The next day I looked up the astrology for that infamous evening. And was amazed to discover that warlike Mars was transiting over 23° Aquarius, exactly conjunct the current position of  (explosive) Uranus, and “square” (90° away from) both my 23° Taurus Moon and her 23° Scorpio Moon/Mars. This explosion was meant to happen.

Later that day, she called, and for the first time in our entire relationship together, I was able to move into a vulnerable (Moon) space with Kate. I told her how much her reaction to the teapot burning on the stove had hurt me. How furious it made me that instead of being a gracious hostess, allowing me to offer to replace the teapot, she insisted immediately that I replace it.

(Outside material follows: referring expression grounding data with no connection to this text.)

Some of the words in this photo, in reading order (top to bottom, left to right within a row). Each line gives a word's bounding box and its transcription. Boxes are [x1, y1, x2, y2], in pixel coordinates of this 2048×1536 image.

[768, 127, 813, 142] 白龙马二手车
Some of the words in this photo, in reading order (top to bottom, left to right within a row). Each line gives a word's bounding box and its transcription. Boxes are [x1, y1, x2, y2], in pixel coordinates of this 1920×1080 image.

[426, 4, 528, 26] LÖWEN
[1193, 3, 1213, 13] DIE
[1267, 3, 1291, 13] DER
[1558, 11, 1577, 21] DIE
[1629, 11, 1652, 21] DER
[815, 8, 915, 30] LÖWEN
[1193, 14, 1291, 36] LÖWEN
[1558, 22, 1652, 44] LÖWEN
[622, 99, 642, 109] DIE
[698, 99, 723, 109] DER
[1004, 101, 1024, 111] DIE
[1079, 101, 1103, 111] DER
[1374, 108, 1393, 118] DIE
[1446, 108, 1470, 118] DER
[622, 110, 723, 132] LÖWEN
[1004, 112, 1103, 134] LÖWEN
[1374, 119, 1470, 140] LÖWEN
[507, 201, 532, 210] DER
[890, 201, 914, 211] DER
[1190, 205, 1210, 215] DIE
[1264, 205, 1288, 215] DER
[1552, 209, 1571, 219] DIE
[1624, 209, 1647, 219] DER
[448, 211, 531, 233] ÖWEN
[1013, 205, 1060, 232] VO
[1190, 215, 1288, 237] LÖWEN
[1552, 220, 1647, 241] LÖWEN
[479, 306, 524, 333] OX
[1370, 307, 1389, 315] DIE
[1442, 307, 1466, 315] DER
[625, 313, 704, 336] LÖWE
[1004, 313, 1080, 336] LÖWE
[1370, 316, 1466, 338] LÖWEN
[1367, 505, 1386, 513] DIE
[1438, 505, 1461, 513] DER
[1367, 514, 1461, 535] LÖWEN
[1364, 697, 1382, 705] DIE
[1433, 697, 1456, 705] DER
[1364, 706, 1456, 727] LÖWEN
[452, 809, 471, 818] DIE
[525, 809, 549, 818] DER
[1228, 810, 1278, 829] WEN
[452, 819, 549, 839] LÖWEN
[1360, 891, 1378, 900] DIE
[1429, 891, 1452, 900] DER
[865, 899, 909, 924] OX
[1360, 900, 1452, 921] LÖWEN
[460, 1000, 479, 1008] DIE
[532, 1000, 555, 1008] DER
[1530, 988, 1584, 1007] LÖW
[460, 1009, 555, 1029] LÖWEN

That instead of giving me the space to apologize, she had shamed me.

For the first time in our relationship, I could feel Kate taking in what I was saying and copping to it. She agreed that her explosive reaction was completely inappropriate, and apologized.

Then, as she told me how it felt from her point of view, I realized that it was important for me to learn from this not to take her reaction personally. It was not her intent to shame me; she reacted strongly because this teapot was extremely important to her, and she had to have another one. She told me how over and over again she has burned teapots by letting them boil dry on the stove while she was busy in the next room, that this was the first teapot she had ever owned which turned off when it started boiling.

I looked again at her astrology, and noticed that not only was Moon/Mars in Scorpio at that 23rd degree, but she had Pluto in Leo and Mercury in Aquarius in a T-cross formation with that intensely explosive Moon/Mars combination, and that this T-cross fed into Taurus, where my Moon was located.

Crisscrossing tensions in T-crosses seek their outlets through the unoccupied sign, in this case, Taurus. Taurus symbolizes material reality, the world of things — like teapots! Her emotional need (Moon) for that teapot, though obsessive (Scorpio) and explosive (Mars), had nothing to do with me.

Her explosion had triggered my own emotional (Moon) stuff of being shamed by early childhood situations in which my explosive father blamed me for something which I hadn’t realized I had done. The flames of her passion for this thing, the teapot, had, once again, rudely excavated my old pain of being wrongly blamed.

The Russian philosopher and wise man Gurdjieff said that we humans are “food for the Moon,” that we need to create a magnetic center inside ourselves so that we are no long subject to the reactive emotional storms of lunar tides and phases.

I have long thought about his statement. And over and over again, through personal experience, I have learned from it.

In the end, I am grateful for this drama between Kate and me. Now that I know we can work through emotional situations, my Moon can begin to entertain the possibility of trusting her Moon/Mars. Our conflict, at first so destructive, in the end proved creative.

Imagine all of humanity learning to work with the childlike vulnerability of our Moons, learning to recognize where present situations trigger old emotional patterns, learning to move through those patterns with awareness.

Imagine the results for life on earth.